For each fixed value of vitamin C dose (0.5, 1.0 and 2.0), the mean of the response variable is calculated. Let us denote these means by ${\bar{y}}_{11}$ , ${\bar{y}}_{12}$ and ${\bar{y}}_{13}$ , respectively.
For each fixed value of the supplemental type (VC and OJ), the mean of the response variable is also computed and denoted by ${\bar{y}}_{21}$ and ${\bar{y}}_{22}$ , respectively.
The five initial parameter values $(w_{1}^{0}, w_{2}^{0})$ for M1 are: $({\bar{y}}_{11}, {\bar{y}}_{21}),$ $({\bar{y}}_{11}, {\bar{y}}_{22}),$ $({\bar{y}}_{12}, {\bar{y}}_{21})$ , $({\bar{y}}_{12}, {\bar{y}}_{22})$ , and $({\bar{y}}_{13}, {\bar{y}}_{21})$ .
The five initial parameter values $(w_{1}^{0}, w_{2}^{0}, w_{3}^{0}, w_{4}^{0})$ for M2 are: $({\bar{y}}_{11}, {\bar{y}}_{11}, {\bar{y}}_{11}, {\bar{y}}_{21}),$ $({\bar{y}}_{11}, {\bar{y}}_{11},$ ${\bar{y}}_{11}, {\bar{y}}_{22})$ , $({\bar{y}}_{12}, {\bar{y}}_{12}, {\bar{y}}_{12}, {\bar{y}}_{21})$ , $({\bar{y}}_{12}, {\bar{y}}_{12}, {\bar{y}}_{12}, {\bar{y}}_{22})$ , and $({\bar{y}}_{13}, {\bar{y}}_{13}, {\bar{y}}_{13}, {\bar{y}}_{21})$ .

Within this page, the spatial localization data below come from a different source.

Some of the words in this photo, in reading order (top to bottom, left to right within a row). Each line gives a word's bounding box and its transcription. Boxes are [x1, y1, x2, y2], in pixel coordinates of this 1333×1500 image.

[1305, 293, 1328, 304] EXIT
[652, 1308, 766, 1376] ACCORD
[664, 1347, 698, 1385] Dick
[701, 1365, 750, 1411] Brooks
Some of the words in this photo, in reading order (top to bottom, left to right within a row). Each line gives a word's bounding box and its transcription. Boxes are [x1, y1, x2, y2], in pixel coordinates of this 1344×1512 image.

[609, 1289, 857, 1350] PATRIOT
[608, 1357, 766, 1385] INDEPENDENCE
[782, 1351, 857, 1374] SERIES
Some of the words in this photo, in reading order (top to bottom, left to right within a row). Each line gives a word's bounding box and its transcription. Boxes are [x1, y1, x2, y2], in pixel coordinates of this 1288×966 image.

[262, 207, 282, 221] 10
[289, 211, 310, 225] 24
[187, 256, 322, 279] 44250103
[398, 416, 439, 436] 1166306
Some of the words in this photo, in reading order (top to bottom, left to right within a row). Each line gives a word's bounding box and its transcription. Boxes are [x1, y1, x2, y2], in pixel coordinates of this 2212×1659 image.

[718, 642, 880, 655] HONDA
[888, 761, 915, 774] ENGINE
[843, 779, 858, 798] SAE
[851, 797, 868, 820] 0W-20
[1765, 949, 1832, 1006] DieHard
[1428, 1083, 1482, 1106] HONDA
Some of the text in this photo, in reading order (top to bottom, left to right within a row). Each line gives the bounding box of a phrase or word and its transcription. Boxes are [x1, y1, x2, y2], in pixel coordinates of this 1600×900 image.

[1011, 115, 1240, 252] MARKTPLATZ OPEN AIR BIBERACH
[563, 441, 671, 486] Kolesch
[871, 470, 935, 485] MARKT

For each of the initial parameter values, the model is estimated for the training data and the mean square error (MSE) for the prediction in the test data is calculated. The predicted response value and the estimated weights for the case with a minimal MSE are chosen.

We investigated the variability by modifying the following aspects:

Models: M1 [7], M2 [8], and the linear regression [12].
Estimation methods: ML and OLS.
Similarity functions: EX and FR.
Distance measures: WBD, WED, and WMD for M1; and WED for M2. We test the values ${1 / 4, 1 / 2, 1, 2, 4}$ for the parameter $γ$ of the WMD, and the values ${1, 2, 4}$ for the parameter $δ$ in the modified WBD and WED. Values of $δ$ less than one are also tested, but they do not provide convergence in the estimation algorithm.

To quantify the variability of the parameter estimators and the predicted response variable, the empirical CV and MSE are calculated based on the 30 iterations of the Monte Carlo simulation.

For M1:

The parameter estimators correspond to $w_{1}$ (intercept) and $w_{2}$ (associated with an increase in dose of 1.0 mg).
The empirical CV of the parameter estimators can be calculated as the ratio of the sample standard deviation to the sample mean of the parameter estimates $w_{1}$ and $w_{2}$ across the 30 iterations.
The MSE of the predicted response variable may be computed as the average squared difference between the predicted response variable values and the true values across the 30 iterations.

For M2:

The parameter estimators correspond to $w_{1}$ (intercept), $w_{2}$ (associated with dose of 0.5 mg), $w_{3}$ (associated with dose of 1.0 mg), and $w_{4}$ (associated with dose of 2.0 mg and supplemental type).
The empirical CV of the parameter estimators can be obtained as the ratio of the sample standard deviation to the sample mean of the parameter estimates $w_{1}$ , $w_{2}$ , $w_{3}$ , and $w_{4}$ across the 30 iterations.
The MSE of the predicted response variable can be determined as the average squared difference between the predicted response variable values and the true values across the 30 iterations.

5. Simulation Results

The simulations were carried out on a computer equipped with an Intel© Core™, i7-5500UK CPU 4 gigahertz, 16 gigabyte RAM, System Type 64 bit operating system Linux, using the R language, a software environment for statistical computing and graphics, in its version 3.5.2 [15]. Codes are available upon request from the authors.

Based on our simulation results, it is clear that the empirical similarity models (M1 and M2) and the linear regression model show comparable performance in terms of the mean MSE of the predicted values for the length of the Guinea pig tooth, a testament to the robustness of our analysis.

While we recognize that an increased sample size might result in a broader distribution of the results, the consistent findings among different models under our current conditions attest to the reliability of our work. Furthermore, our chosen sample size reflects a practical balance between computational complexity and statistical validity, a key consideration in all real-world application.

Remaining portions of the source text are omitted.